Dataset entries

------------

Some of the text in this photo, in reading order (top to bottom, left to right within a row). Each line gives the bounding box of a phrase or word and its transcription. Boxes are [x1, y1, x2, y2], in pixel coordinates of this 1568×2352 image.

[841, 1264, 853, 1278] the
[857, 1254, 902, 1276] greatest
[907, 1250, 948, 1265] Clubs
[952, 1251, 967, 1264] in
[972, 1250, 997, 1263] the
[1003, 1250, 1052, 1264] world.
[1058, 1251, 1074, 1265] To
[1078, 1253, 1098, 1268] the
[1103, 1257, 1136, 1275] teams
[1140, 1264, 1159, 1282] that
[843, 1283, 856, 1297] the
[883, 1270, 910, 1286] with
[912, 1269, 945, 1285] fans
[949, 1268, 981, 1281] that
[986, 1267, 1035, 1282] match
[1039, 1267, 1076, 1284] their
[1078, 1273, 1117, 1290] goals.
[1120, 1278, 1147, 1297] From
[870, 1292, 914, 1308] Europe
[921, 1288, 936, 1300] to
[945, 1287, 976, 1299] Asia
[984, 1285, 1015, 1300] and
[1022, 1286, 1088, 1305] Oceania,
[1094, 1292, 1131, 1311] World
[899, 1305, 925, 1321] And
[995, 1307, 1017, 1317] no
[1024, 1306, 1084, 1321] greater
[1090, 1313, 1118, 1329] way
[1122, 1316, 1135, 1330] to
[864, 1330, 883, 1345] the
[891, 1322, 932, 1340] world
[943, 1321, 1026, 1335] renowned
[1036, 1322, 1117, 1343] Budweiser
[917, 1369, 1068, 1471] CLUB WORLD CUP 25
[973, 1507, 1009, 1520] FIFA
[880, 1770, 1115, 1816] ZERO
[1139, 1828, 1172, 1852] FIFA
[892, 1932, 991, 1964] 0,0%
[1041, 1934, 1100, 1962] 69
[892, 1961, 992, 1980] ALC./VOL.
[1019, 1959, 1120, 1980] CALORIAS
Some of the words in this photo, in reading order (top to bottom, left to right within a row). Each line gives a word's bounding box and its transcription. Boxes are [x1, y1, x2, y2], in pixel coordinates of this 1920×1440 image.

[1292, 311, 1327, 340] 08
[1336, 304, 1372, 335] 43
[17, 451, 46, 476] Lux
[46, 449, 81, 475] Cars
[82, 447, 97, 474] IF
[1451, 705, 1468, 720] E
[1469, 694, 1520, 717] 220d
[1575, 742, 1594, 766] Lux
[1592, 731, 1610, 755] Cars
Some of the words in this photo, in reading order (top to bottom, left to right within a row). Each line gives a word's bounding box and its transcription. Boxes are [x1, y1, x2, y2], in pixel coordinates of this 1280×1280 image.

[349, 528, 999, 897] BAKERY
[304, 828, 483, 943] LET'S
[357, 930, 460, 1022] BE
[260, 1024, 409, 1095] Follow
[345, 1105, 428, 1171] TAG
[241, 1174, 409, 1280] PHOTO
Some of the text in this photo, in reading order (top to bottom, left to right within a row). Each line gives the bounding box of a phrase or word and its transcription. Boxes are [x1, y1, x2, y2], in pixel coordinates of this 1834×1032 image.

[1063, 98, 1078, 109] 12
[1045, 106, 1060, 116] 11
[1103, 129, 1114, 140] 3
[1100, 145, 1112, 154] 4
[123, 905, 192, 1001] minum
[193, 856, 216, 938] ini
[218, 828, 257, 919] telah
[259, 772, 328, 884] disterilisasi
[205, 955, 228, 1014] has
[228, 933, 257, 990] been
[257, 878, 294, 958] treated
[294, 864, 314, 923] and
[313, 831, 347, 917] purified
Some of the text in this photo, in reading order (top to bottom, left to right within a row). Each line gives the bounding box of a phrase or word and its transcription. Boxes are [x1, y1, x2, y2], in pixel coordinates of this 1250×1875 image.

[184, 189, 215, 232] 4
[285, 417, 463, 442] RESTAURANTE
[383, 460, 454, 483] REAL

------------

**Activity**. Transcribe every record above word for word.

**Solved problem**.
Some of the text in this photo, in reading order (top to bottom, left to right within a row). Each line gives the bounding box of a phrase or word and its transcription. Boxes are [x1, y1, x2, y2], in pixel coordinates of this 1568×2352 image.

[841, 1264, 853, 1278] the
[857, 1254, 902, 1276] greatest
[907, 1250, 948, 1265] Clubs
[952, 1251, 967, 1264] in
[972, 1250, 997, 1263] the
[1003, 1250, 1052, 1264] world.
[1058, 1251, 1074, 1265] To
[1078, 1253, 1098, 1268] the
[1103, 1257, 1136, 1275] teams
[1140, 1264, 1159, 1282] that
[843, 1283, 856, 1297] the
[883, 1270, 910, 1286] with
[912, 1269, 945, 1285] fans
[949, 1268, 981, 1281] that
[986, 1267, 1035, 1282] match
[1039, 1267, 1076, 1284] their
[1078, 1273, 1117, 1290] goals.
[1120, 1278, 1147, 1297] From
[870, 1292, 914, 1308] Europe
[921, 1288, 936, 1300] to
[945, 1287, 976, 1299] Asia
[984, 1285, 1015, 1300] and
[1022, 1286, 1088, 1305] Oceania,
[1094, 1292, 1131, 1311] World
[899, 1305, 925, 1321] And
[995, 1307, 1017, 1317] no
[1024, 1306, 1084, 1321] greater
[1090, 1313, 1118, 1329] way
[1122, 1316, 1135, 1330] to
[864, 1330, 883, 1345] the
[891, 1322, 932, 1340] world
[943, 1321, 1026, 1335] renowned
[1036, 1322, 1117, 1343] Budweiser
[917, 1369, 1068, 1471] CLUB WORLD CUP 25
[973, 1507, 1009, 1520] FIFA
[880, 1770, 1115, 1816] ZERO
[1139, 1828, 1172, 1852] FIFA
[892, 1932, 991, 1964] 0,0%
[1041, 1934, 1100, 1962] 69
[892, 1961, 992, 1980] ALC./VOL.
[1019, 1959, 1120, 1980] CALORIAS
Some of the words in this photo, in reading order (top to bottom, left to right within a row). Each line gives a word's bounding box and its transcription. Boxes are [x1, y1, x2, y2], in pixel coordinates of this 1920×1440 image.

[1292, 311, 1327, 340] 08
[1336, 304, 1372, 335] 43
[17, 451, 46, 476] Lux
[46, 449, 81, 475] Cars
[82, 447, 97, 474] IF
[1451, 705, 1468, 720] E
[1469, 694, 1520, 717] 220d
[1575, 742, 1594, 766] Lux
[1592, 731, 1610, 755] Cars
Some of the words in this photo, in reading order (top to bottom, left to right within a row). Each line gives a word's bounding box and its transcription. Boxes are [x1, y1, x2, y2], in pixel coordinates of this 1280×1280 image.

[349, 528, 999, 897] BAKERY
[304, 828, 483, 943] LET'S
[357, 930, 460, 1022] BE
[260, 1024, 409, 1095] Follow
[345, 1105, 428, 1171] TAG
[241, 1174, 409, 1280] PHOTO
Some of the text in this photo, in reading order (top to bottom, left to right within a row). Each line gives the bounding box of a phrase or word and its transcription. Boxes are [x1, y1, x2, y2], in pixel coordinates of this 1834×1032 image.

[1063, 98, 1078, 109] 12
[1045, 106, 1060, 116] 11
[1103, 129, 1114, 140] 3
[1100, 145, 1112, 154] 4
[123, 905, 192, 1001] minum
[193, 856, 216, 938] ini
[218, 828, 257, 919] telah
[259, 772, 328, 884] disterilisasi
[205, 955, 228, 1014] has
[228, 933, 257, 990] been
[257, 878, 294, 958] treated
[294, 864, 314, 923] and
[313, 831, 347, 917] purified
Some of the text in this photo, in reading order (top to bottom, left to right within a row). Each line gives the bounding box of a phrase or word and its transcription. Boxes are [x1, y1, x2, y2], in pixel coordinates of this 1250×1875 image.

[184, 189, 215, 232] 4
[285, 417, 463, 442] RESTAURANTE
[383, 460, 454, 483] REAL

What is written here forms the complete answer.